Eliminate "Variance" from Your Technical Writing
© 2010 Ugur Akinci
“Variance” is an important concept in statistics and plays a crucial role in technical documentation as well. Without getting too technical about it: “variance” denotes the way the values of a set of elements vary around a central mean value.
Imagine you weighing a hundred marbles. Let’s say the arithmetic-mean weight of an “average” marble is 10 ounces. But some weigh 10.1 ounces, some 9.8, some others 9.5 and 11.3, etc. You get the picture.
The “average degree” to which any given marble differs from that central value of “10 ounces” is called “variance” and is closely related to the statistical concept of “standard deviation.”
In short, “variance” is a measure of the extent to which the individual elements of a set are identical (or not).
“Zero variance” means all elements in a group are exactly alike. It means they are identical.
In manufacturing, “zero variance” is a highly coveted but impossible goal because it means there are no manufacturing defects.
In technical documentation “zero variance” is equally desirable in this sense: there should be no syntax, vocabulary and style “variations” in your manuals. Why? Because a technical text that varies in syntax, vocabulary and style from page to page confuses the readers and fails to instill confidence.

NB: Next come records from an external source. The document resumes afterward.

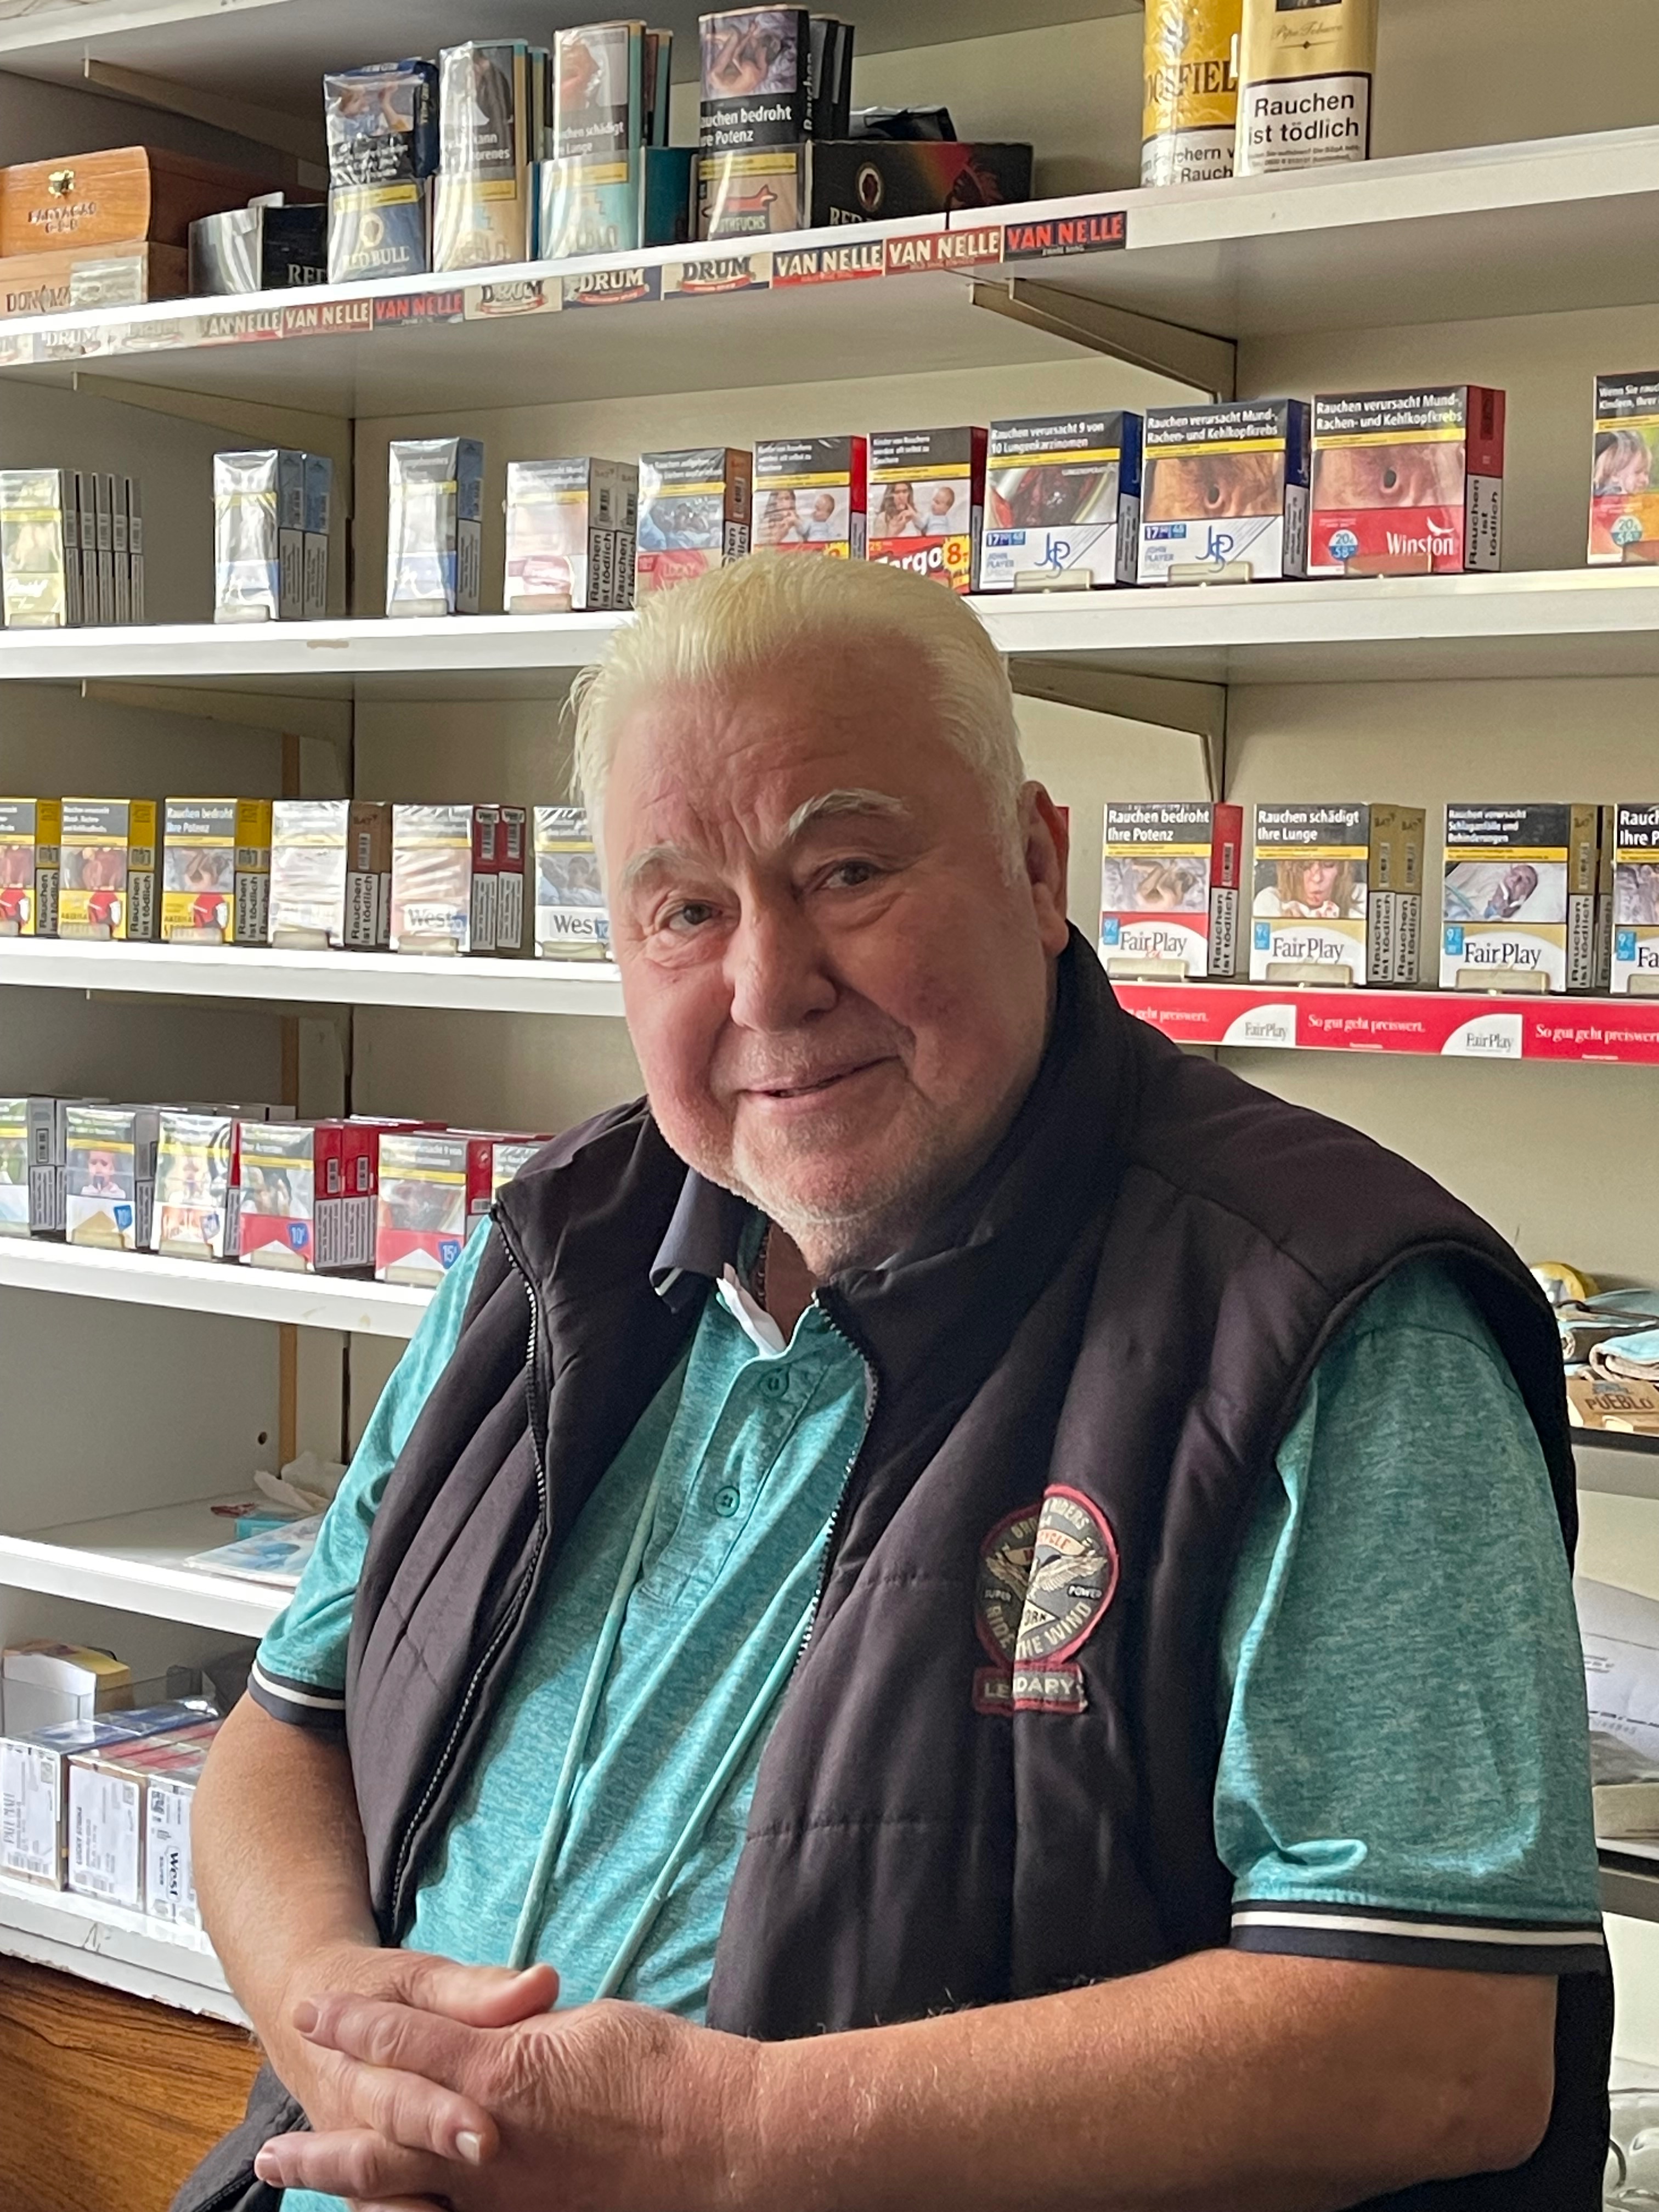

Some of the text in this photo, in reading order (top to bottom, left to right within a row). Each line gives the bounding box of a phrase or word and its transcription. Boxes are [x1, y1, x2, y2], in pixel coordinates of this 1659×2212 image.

[701, 104, 792, 128] auchen bedroht
[1254, 92, 1355, 118] Rauchen
[715, 129, 754, 145] Potenz
[1249, 116, 1359, 146] ist tödlich
[1007, 225, 1052, 251] VAN
[1057, 214, 1124, 245] NELLE
[776, 252, 817, 278] VAN
[823, 245, 882, 272] NELLE
[888, 240, 933, 266] VAN
[937, 231, 999, 259] NELLE
[579, 268, 646, 292] DRUM
[681, 256, 752, 281] DRUM
[286, 306, 317, 329] VAN
[321, 303, 369, 325] NELLE
[374, 298, 409, 319] VAN
[411, 292, 464, 316] NELLE
[1317, 399, 1362, 415] Rauchen
[1364, 394, 1422, 412] verursacht
[991, 422, 1105, 440] Rauchen verursacht 9 von
[1147, 415, 1188, 429] Rauchen
[1189, 411, 1240, 427] verursacht
[1187, 427, 1206, 441] und
[1207, 424, 1278, 439] Kehlkopfkrebs
[1316, 410, 1463, 431] Rachen- und Kehlkopfkrebs
[991, 443, 1002, 454] 10
[1146, 526, 1158, 539] 17
[1469, 479, 1480, 565] Rauchen
[988, 533, 1000, 545] 17
[1386, 530, 1454, 556] Winston
[590, 534, 602, 601] Rauchen
[602, 533, 612, 585] tödlich
[616, 538, 629, 604] Rauchen
[1108, 809, 1210, 823] Rauchen bedroht
[1257, 810, 1360, 826] Rauchen schädigt
[1108, 827, 1174, 841] Ihre Potenz
[1257, 827, 1318, 843] Ihre Lunge
[1620, 829, 1647, 845] Ihre
[39, 874, 48, 928] Rauchen
[130, 877, 140, 932] Rauchen
[142, 875, 151, 918] tödlich
[238, 878, 247, 935] Rauchen
[351, 877, 362, 940] Rauchen
[1120, 930, 1188, 957] FairPlay
[1212, 894, 1223, 969] Rauchen
[1373, 898, 1382, 975] Rauchen
[1397, 900, 1408, 976] Rauchen
[1572, 901, 1581, 981] Rauchen
[1272, 936, 1345, 964] FairPlay
[1464, 941, 1542, 970] FairPlay
[1245, 1022, 1288, 1041] FairPlay
[1308, 1014, 1425, 1033] So gut geht preiswert.
[1536, 1024, 1551, 1038] So
[1553, 1028, 1574, 1042] gut
[1576, 1027, 1603, 1042] geht
[1466, 1032, 1514, 1052] FairPlay
[1584, 1394, 1655, 1410] PUEBLO
[985, 1605, 1015, 1649] RIDE
[1045, 1601, 1092, 1646] WIND
[169, 1852, 179, 1897] West

You should have “zero variance” in your vocabulary, fonts, page margins, etc.
For example:
* If you have used the acronym “LAN” on the first page, you should not switch to “local area network” on page 10.

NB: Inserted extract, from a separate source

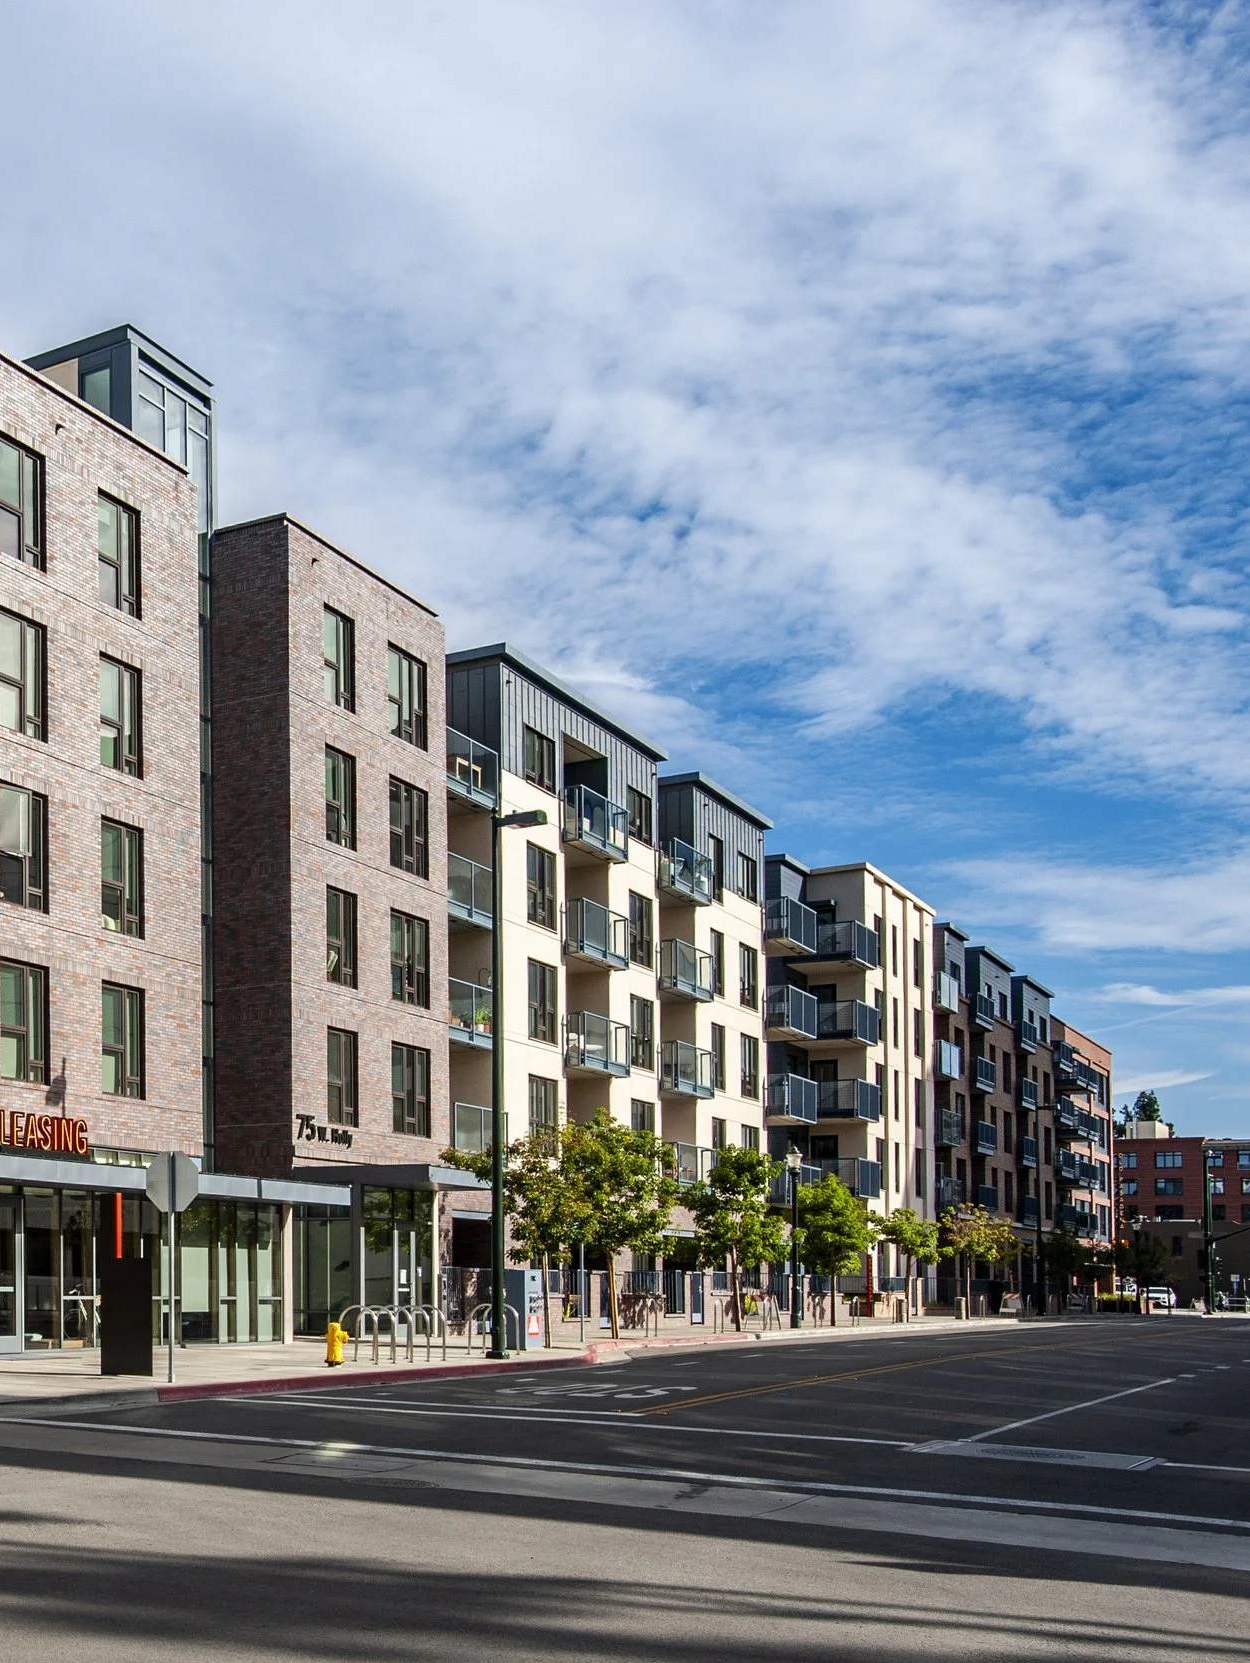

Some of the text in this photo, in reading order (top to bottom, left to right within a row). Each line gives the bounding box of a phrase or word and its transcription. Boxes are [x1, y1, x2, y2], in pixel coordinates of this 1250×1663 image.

[295, 1113, 353, 1150] 75 W. Holly

* If you have used a Figure Caption AFTER Figure 1, you should not use a caption BEFORE Figures 2, 3 and 4.
* If you have used “Arial 14 Points” for Header 1 on page 1, the Header 1 on page 56 should not have “Times New Roman 18 Points” font.
* If the First Page template in Chapter 1 has a 1.5 inch left margin, every Chapter First Page should also have a 1.5 inch left margin.
You should aim for “zero variance” in your icons, table formatting, bullets, the way you use active and passive voice, and other grammar and style decisions.
“Zero variance” is one of the important features that make technical writing predictable, trustworthy and easy to follow. That should be a goal in every technical documentation project you tackle.